Wendt suggests that there are two structural dynamics which generate self-organising pressures toward an end point of a single World State. There are lots of methodological nuances and qualifications to Wendt’s argument, but the basic gist is that at the macro-level the search for state security will lead to ever increasing pressures for states to cooperate internationally to resolve the security dilemma. At the micro-level he argues that individuals and social groups desire for political recognition (in part driven by their own need for security) will drive them to pressure their own state to cooperate with others. This is because without recognition from other states of the rights of the citizens’ of the first, their security will never be complete. Without this, most states reserve the right to legitimately kill the citizens’ of other states.

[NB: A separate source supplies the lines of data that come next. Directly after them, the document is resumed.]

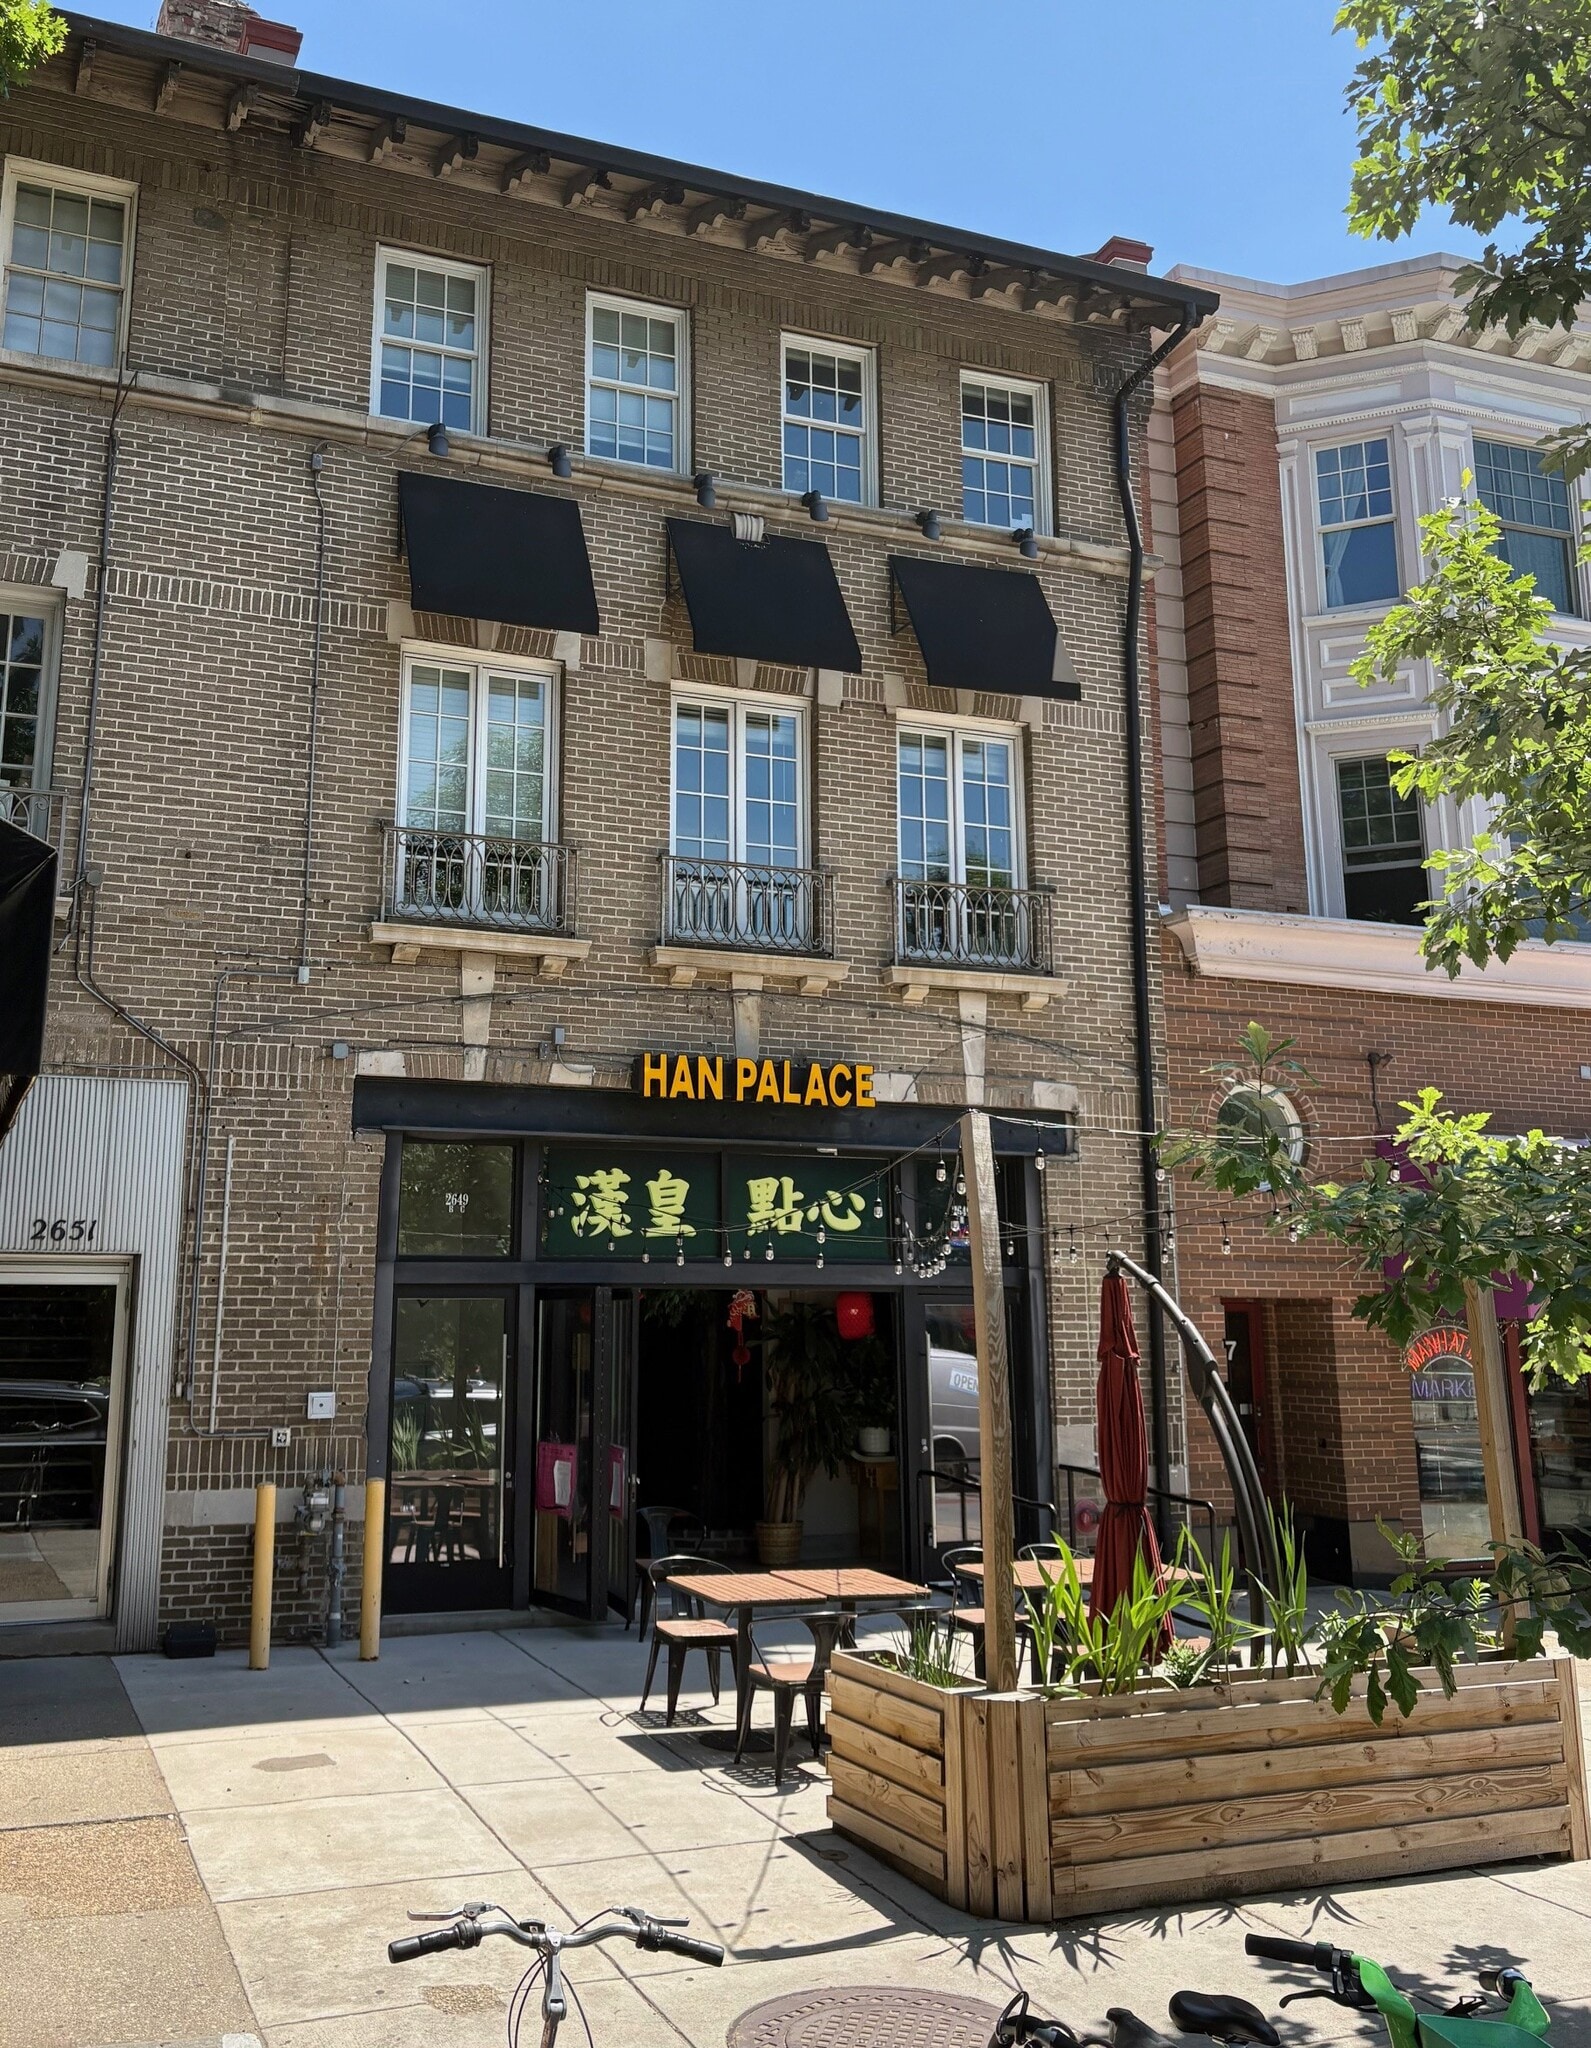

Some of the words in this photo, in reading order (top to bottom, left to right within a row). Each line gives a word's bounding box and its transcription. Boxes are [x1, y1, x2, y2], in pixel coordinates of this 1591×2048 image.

[643, 1053, 724, 1100] HAN
[736, 1057, 877, 1108] PALACE
[445, 1193, 469, 1206] 2649
[571, 1168, 697, 1237] 漢皇
[746, 1176, 866, 1236] 點心
[30, 1219, 97, 1241] 2651
[1224, 1340, 1237, 1361] 7
[1407, 1329, 1473, 1372] MANHAT
[1411, 1378, 1477, 1398] MARKE

In the continuing political turmoil in Ukraine it is possible to see this micro-process at work, and also potentially the macro-search for state security too. Those protestors who favour joining the EU, look to the European integration process to secure their individual rights, democratic participation and a two-level sovereignty/identity process that would lock those rights in more successfully. Those in the east of the country with deeply held cultural, social and linguistic preferences for Russian over Western identity fear that their specific demands for recognition will be constrained and over-ridden by a process of Westernisation that will break historical ties with Russia. They in turn then desire the mutual recognition of their rights not just by the Ukrainian state but by Russia.
Demonstrating the macro-security pressures, Russia, fearful of Westward expansion is looking for ways to bolster its security on its Western borders and the United States makes ominous warnings of the ‘grave’ mistake that Russia would be making if it chose to intervene in a political process on the edge of European integration.

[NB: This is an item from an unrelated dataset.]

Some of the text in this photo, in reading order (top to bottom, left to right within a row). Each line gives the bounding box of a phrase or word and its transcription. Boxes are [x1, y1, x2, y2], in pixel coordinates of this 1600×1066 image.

Whether ultimately, this crisis will strengthen or weaken the case for Wendt’s broader arguments is less clear. I don’t personally by Wendt’s logic, preferring the counter-arguments put forward by others, such as Bob Jessop. Indeed, with (Leeds Met Researcher of the year) Dr Jamie Morgan, I am in the process of drafting a related critique of the idea of a ‘Cosmopolitan World Society’ (stay tuned to this blog for an update in a month or so). But regardless of all that – my 3rd year students would do well to reflect on their reading from last week and think about its relevance for understanding crises like that unfolding in Ukraine.